● Work order
Your task is to retype every entry exactly while omitting the pictures.

● Data section
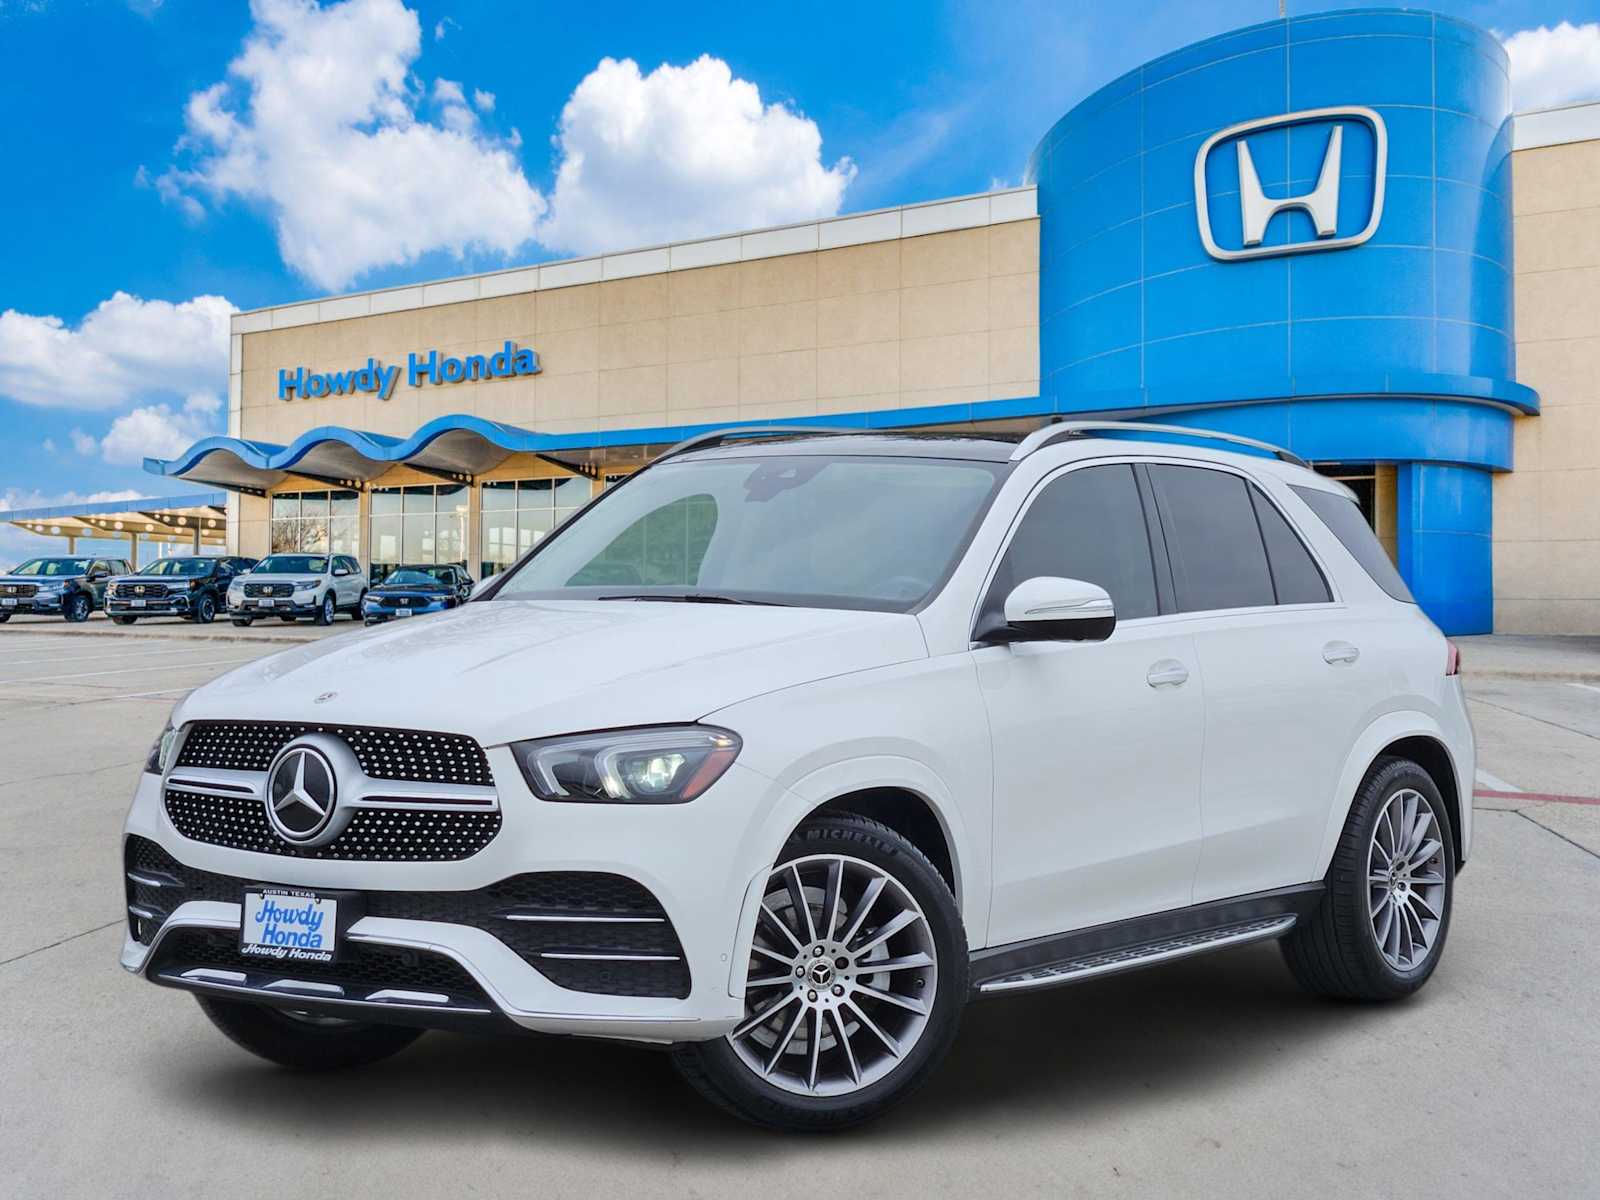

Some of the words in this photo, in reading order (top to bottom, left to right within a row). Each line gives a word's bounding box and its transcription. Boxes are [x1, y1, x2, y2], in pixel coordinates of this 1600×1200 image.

[279, 357, 401, 401] Howdy
[408, 340, 541, 388] Honda
[807, 829, 897, 855] MICHELIN
[255, 900, 324, 932] Howdy
[261, 922, 323, 948] Honda
[241, 943, 288, 959] Howdy
[288, 948, 332, 961] Honda
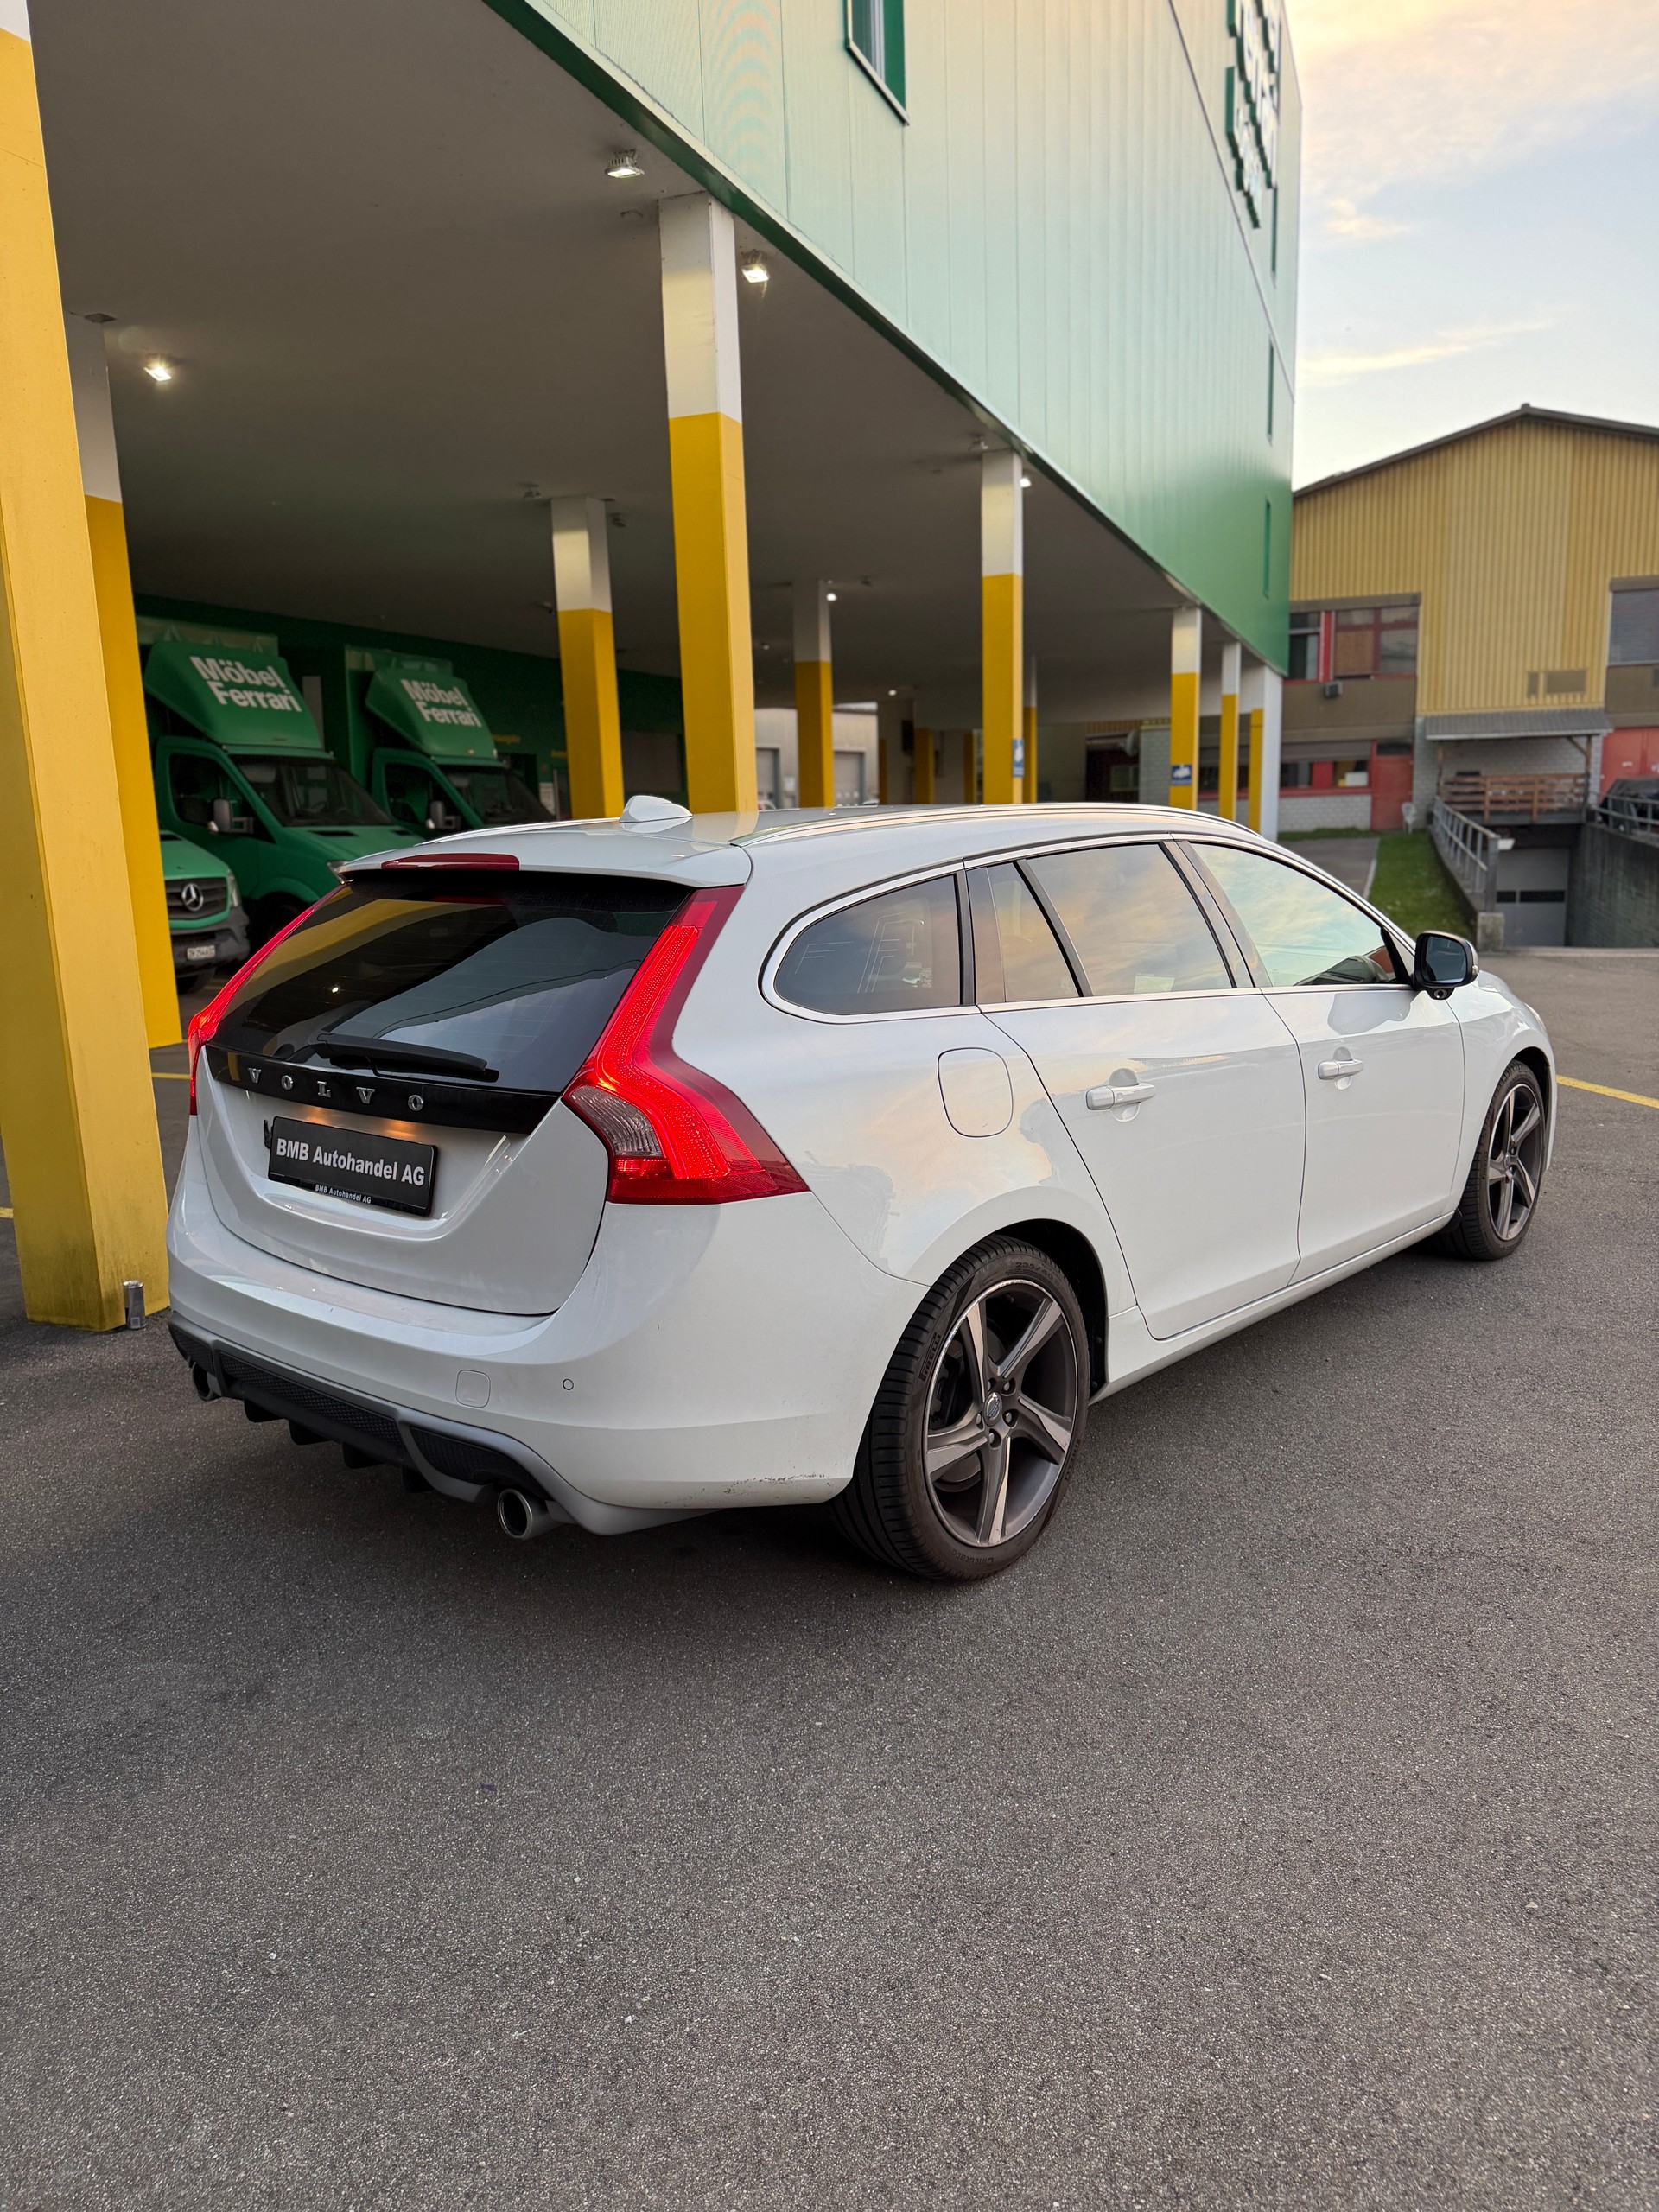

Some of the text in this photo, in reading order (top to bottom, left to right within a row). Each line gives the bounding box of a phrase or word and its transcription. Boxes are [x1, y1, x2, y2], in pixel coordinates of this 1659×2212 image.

[190, 656, 286, 689] Möbel
[207, 680, 302, 712] Ferrari
[400, 678, 469, 706] Möbel
[415, 701, 482, 728] Ferrari
[247, 1067, 424, 1112] VOLVO
[276, 1137, 425, 1186] BMB Autohandel AG
[315, 1184, 372, 1205] BMB Autohandel AG
[918, 1332, 941, 1382] PIRELLI

● Response to the task
Some of the words in this photo, in reading order (top to bottom, left to right within a row). Each line gives a word's bounding box and its transcription. Boxes are [x1, y1, x2, y2], in pixel coordinates of this 1600×1200 image.

[279, 357, 401, 401] Howdy
[408, 340, 541, 388] Honda
[807, 829, 897, 855] MICHELIN
[255, 900, 324, 932] Howdy
[261, 922, 323, 948] Honda
[241, 943, 288, 959] Howdy
[288, 948, 332, 961] Honda

Some of the text in this photo, in reading order (top to bottom, left to right within a row). Each line gives the bounding box of a phrase or word and its transcription. Boxes are [x1, y1, x2, y2], in pixel coordinates of this 1659×2212 image.

[190, 656, 286, 689] Möbel
[207, 680, 302, 712] Ferrari
[400, 678, 469, 706] Möbel
[415, 701, 482, 728] Ferrari
[247, 1067, 424, 1112] VOLVO
[276, 1137, 425, 1186] BMB Autohandel AG
[315, 1184, 372, 1205] BMB Autohandel AG
[918, 1332, 941, 1382] PIRELLI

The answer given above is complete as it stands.